EXERCISE OBJECTIVE: The answer should contain each record below, repeated exactly.

Spatial localization data
Content starts

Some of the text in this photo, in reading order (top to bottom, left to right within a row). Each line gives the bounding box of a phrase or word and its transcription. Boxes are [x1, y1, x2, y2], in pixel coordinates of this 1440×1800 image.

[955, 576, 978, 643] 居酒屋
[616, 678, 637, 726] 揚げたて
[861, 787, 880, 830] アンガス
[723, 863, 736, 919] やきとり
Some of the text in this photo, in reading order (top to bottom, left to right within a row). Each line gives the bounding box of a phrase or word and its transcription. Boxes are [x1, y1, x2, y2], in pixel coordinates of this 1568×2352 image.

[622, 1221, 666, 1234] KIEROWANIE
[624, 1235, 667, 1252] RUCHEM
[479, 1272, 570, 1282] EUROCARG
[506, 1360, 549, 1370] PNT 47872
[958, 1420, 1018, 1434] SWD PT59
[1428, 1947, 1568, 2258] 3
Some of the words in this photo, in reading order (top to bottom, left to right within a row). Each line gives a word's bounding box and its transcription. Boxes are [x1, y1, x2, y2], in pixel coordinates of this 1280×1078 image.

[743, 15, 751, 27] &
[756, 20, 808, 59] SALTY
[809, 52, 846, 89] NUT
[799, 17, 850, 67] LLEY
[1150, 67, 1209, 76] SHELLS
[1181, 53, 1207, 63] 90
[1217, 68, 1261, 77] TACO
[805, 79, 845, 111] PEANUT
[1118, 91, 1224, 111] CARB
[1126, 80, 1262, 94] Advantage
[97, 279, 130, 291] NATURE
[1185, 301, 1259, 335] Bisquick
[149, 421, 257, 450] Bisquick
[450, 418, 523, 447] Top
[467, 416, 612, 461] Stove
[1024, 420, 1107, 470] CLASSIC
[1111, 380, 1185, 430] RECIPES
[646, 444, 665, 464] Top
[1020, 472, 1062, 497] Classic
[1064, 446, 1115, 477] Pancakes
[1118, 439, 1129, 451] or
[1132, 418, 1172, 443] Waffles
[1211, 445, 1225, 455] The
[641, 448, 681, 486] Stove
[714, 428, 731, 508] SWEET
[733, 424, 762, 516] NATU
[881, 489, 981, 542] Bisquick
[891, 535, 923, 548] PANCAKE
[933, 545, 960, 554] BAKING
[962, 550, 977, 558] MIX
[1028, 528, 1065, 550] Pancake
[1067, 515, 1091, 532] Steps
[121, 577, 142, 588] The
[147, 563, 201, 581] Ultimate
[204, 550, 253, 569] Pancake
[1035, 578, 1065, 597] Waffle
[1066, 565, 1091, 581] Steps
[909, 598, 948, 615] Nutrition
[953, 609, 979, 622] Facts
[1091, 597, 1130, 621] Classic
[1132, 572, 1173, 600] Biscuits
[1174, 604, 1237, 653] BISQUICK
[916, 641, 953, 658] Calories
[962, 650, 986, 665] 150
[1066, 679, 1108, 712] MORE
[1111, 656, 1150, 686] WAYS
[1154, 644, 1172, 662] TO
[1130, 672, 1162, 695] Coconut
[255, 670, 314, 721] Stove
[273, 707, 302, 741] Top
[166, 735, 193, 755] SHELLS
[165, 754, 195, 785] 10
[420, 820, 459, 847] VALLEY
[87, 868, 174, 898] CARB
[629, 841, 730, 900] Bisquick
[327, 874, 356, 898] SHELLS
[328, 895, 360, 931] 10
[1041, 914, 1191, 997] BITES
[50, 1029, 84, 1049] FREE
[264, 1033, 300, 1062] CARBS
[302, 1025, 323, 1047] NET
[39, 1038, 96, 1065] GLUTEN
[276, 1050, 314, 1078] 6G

Content ends

SOLUTION TO THE EXERCISE:
Some of the text in this photo, in reading order (top to bottom, left to right within a row). Each line gives the bounding box of a phrase or word and its transcription. Boxes are [x1, y1, x2, y2], in pixel coordinates of this 1440×1800 image.

[955, 576, 978, 643] 居酒屋
[616, 678, 637, 726] 揚げたて
[861, 787, 880, 830] アンガス
[723, 863, 736, 919] やきとり
Some of the text in this photo, in reading order (top to bottom, left to right within a row). Each line gives the bounding box of a phrase or word and its transcription. Boxes are [x1, y1, x2, y2], in pixel coordinates of this 1568×2352 image.

[622, 1221, 666, 1234] KIEROWANIE
[624, 1235, 667, 1252] RUCHEM
[479, 1272, 570, 1282] EUROCARG
[506, 1360, 549, 1370] PNT 47872
[958, 1420, 1018, 1434] SWD PT59
[1428, 1947, 1568, 2258] 3
Some of the words in this photo, in reading order (top to bottom, left to right within a row). Each line gives a word's bounding box and its transcription. Boxes are [x1, y1, x2, y2], in pixel coordinates of this 1280×1078 image.

[743, 15, 751, 27] &
[756, 20, 808, 59] SALTY
[809, 52, 846, 89] NUT
[799, 17, 850, 67] LLEY
[1150, 67, 1209, 76] SHELLS
[1181, 53, 1207, 63] 90
[1217, 68, 1261, 77] TACO
[805, 79, 845, 111] PEANUT
[1118, 91, 1224, 111] CARB
[1126, 80, 1262, 94] Advantage
[97, 279, 130, 291] NATURE
[1185, 301, 1259, 335] Bisquick
[149, 421, 257, 450] Bisquick
[450, 418, 523, 447] Top
[467, 416, 612, 461] Stove
[1024, 420, 1107, 470] CLASSIC
[1111, 380, 1185, 430] RECIPES
[646, 444, 665, 464] Top
[1020, 472, 1062, 497] Classic
[1064, 446, 1115, 477] Pancakes
[1118, 439, 1129, 451] or
[1132, 418, 1172, 443] Waffles
[1211, 445, 1225, 455] The
[641, 448, 681, 486] Stove
[714, 428, 731, 508] SWEET
[733, 424, 762, 516] NATU
[881, 489, 981, 542] Bisquick
[891, 535, 923, 548] PANCAKE
[933, 545, 960, 554] BAKING
[962, 550, 977, 558] MIX
[1028, 528, 1065, 550] Pancake
[1067, 515, 1091, 532] Steps
[121, 577, 142, 588] The
[147, 563, 201, 581] Ultimate
[204, 550, 253, 569] Pancake
[1035, 578, 1065, 597] Waffle
[1066, 565, 1091, 581] Steps
[909, 598, 948, 615] Nutrition
[953, 609, 979, 622] Facts
[1091, 597, 1130, 621] Classic
[1132, 572, 1173, 600] Biscuits
[1174, 604, 1237, 653] BISQUICK
[916, 641, 953, 658] Calories
[962, 650, 986, 665] 150
[1066, 679, 1108, 712] MORE
[1111, 656, 1150, 686] WAYS
[1154, 644, 1172, 662] TO
[1130, 672, 1162, 695] Coconut
[255, 670, 314, 721] Stove
[273, 707, 302, 741] Top
[166, 735, 193, 755] SHELLS
[165, 754, 195, 785] 10
[420, 820, 459, 847] VALLEY
[87, 868, 174, 898] CARB
[629, 841, 730, 900] Bisquick
[327, 874, 356, 898] SHELLS
[328, 895, 360, 931] 10
[1041, 914, 1191, 997] BITES
[50, 1029, 84, 1049] FREE
[264, 1033, 300, 1062] CARBS
[302, 1025, 323, 1047] NET
[39, 1038, 96, 1065] GLUTEN
[276, 1050, 314, 1078] 6G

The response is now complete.